= ASSIGNMENT =
Lines before the one containing "this 1280×1440 image." are excluded; retype that line and all remaining lines of the material exactly.
>>>
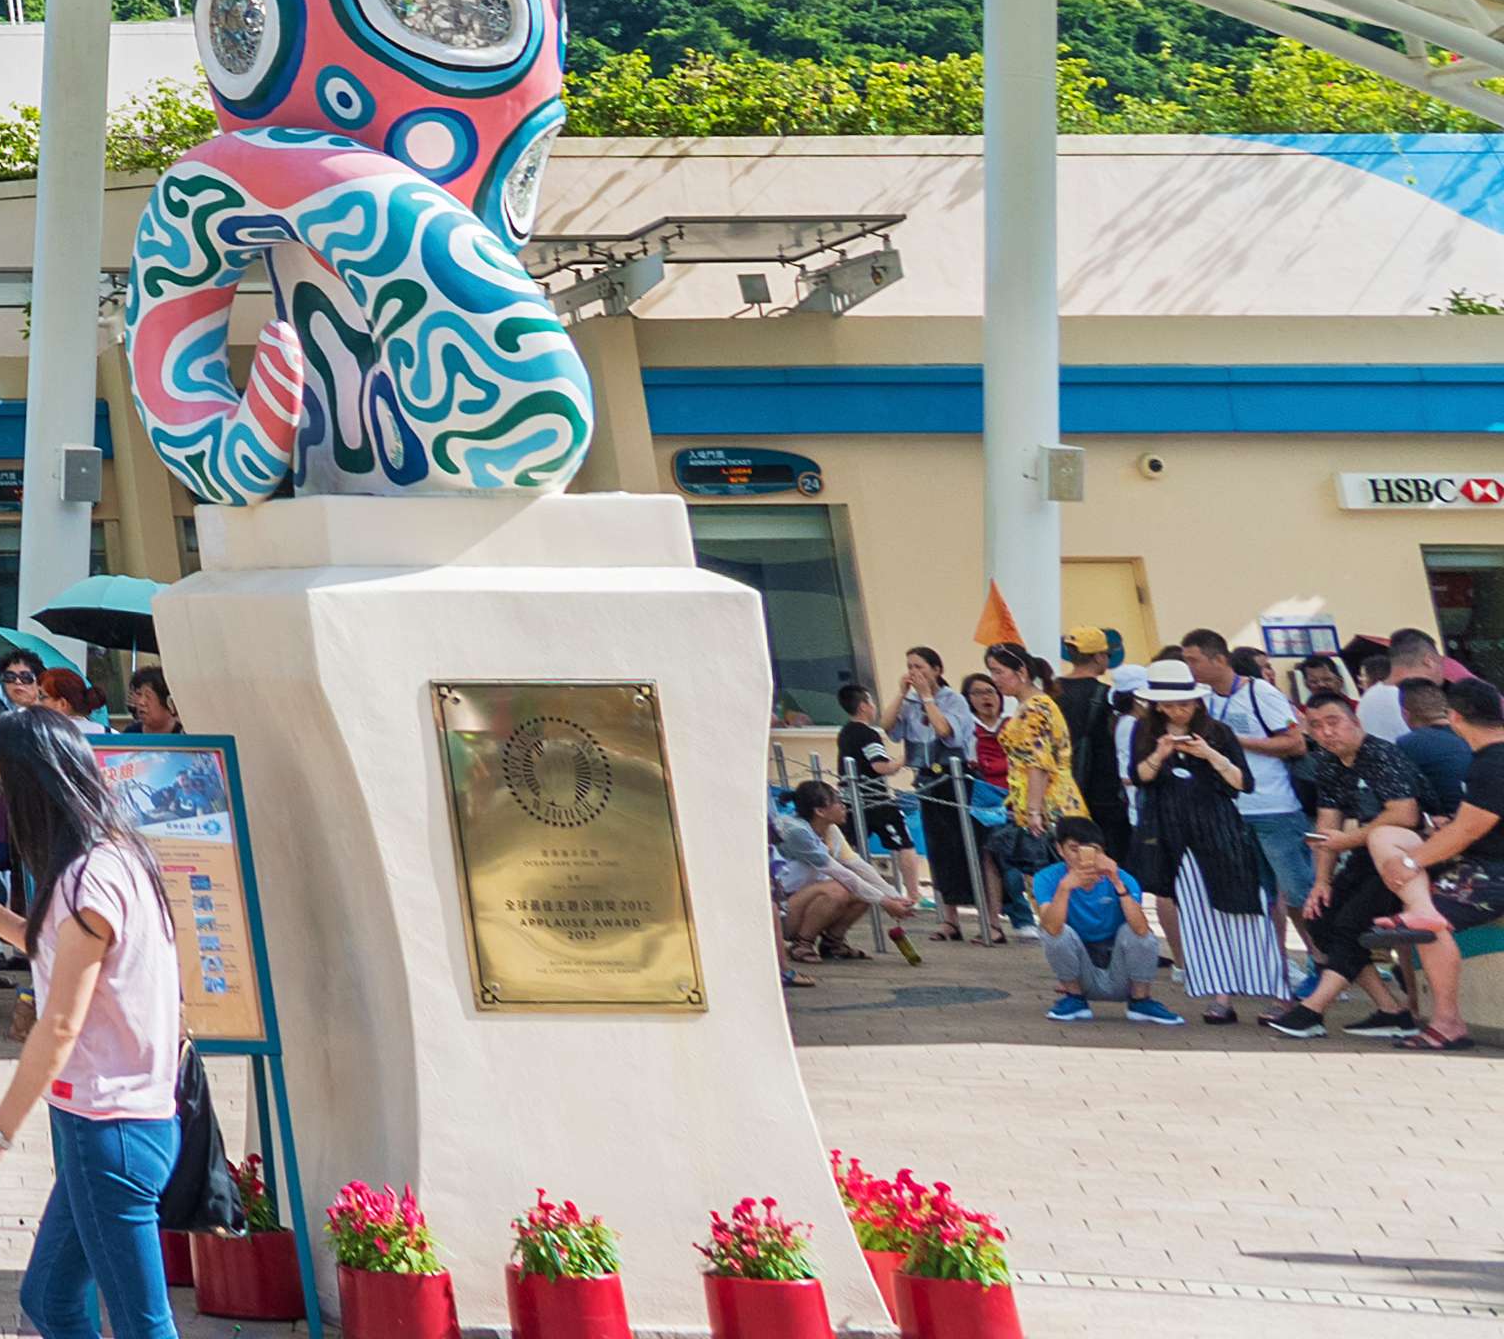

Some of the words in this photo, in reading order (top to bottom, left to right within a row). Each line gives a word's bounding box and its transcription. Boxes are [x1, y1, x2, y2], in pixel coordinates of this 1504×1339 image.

[802, 478, 820, 491] 24
[1368, 478, 1458, 503] HSBC
[621, 901, 652, 912] 2012
[520, 919, 587, 929] APPLAUSE
[593, 919, 641, 928] AWARD
[567, 930, 597, 940] 2012
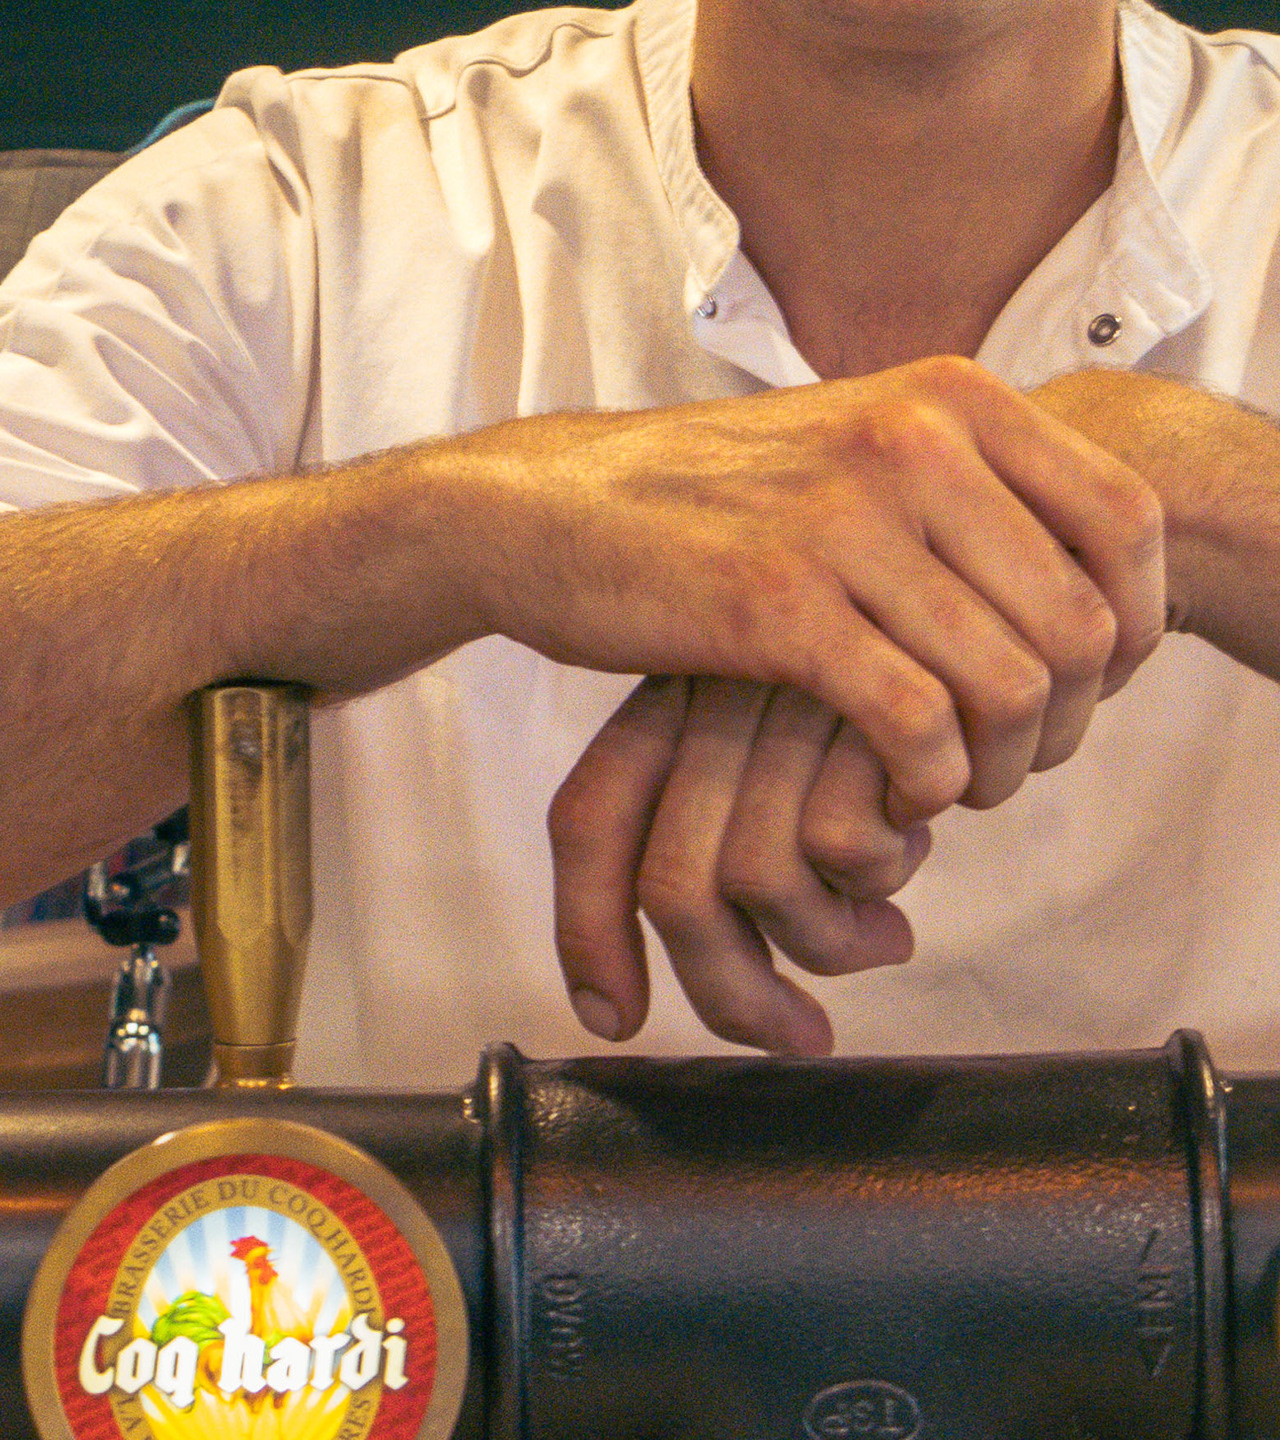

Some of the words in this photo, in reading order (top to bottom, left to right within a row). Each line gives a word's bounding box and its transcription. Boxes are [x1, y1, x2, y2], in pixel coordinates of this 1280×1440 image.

[113, 1188, 210, 1320] BRASSERIE
[219, 1179, 261, 1201] DU
[269, 1184, 327, 1238] COQ
[79, 1315, 199, 1409] Coq
[218, 1313, 409, 1394] hardi
<<<
= RESULT FOR THIS TASK =
Some of the words in this photo, in reading order (top to bottom, left to right within a row). Each line gives a word's bounding box and its transcription. Boxes are [x1, y1, x2, y2], in pixel coordinates of this 1280×1440 image.

[113, 1188, 210, 1320] BRASSERIE
[219, 1179, 261, 1201] DU
[269, 1184, 327, 1238] COQ
[79, 1315, 199, 1409] Coq
[218, 1313, 409, 1394] hardi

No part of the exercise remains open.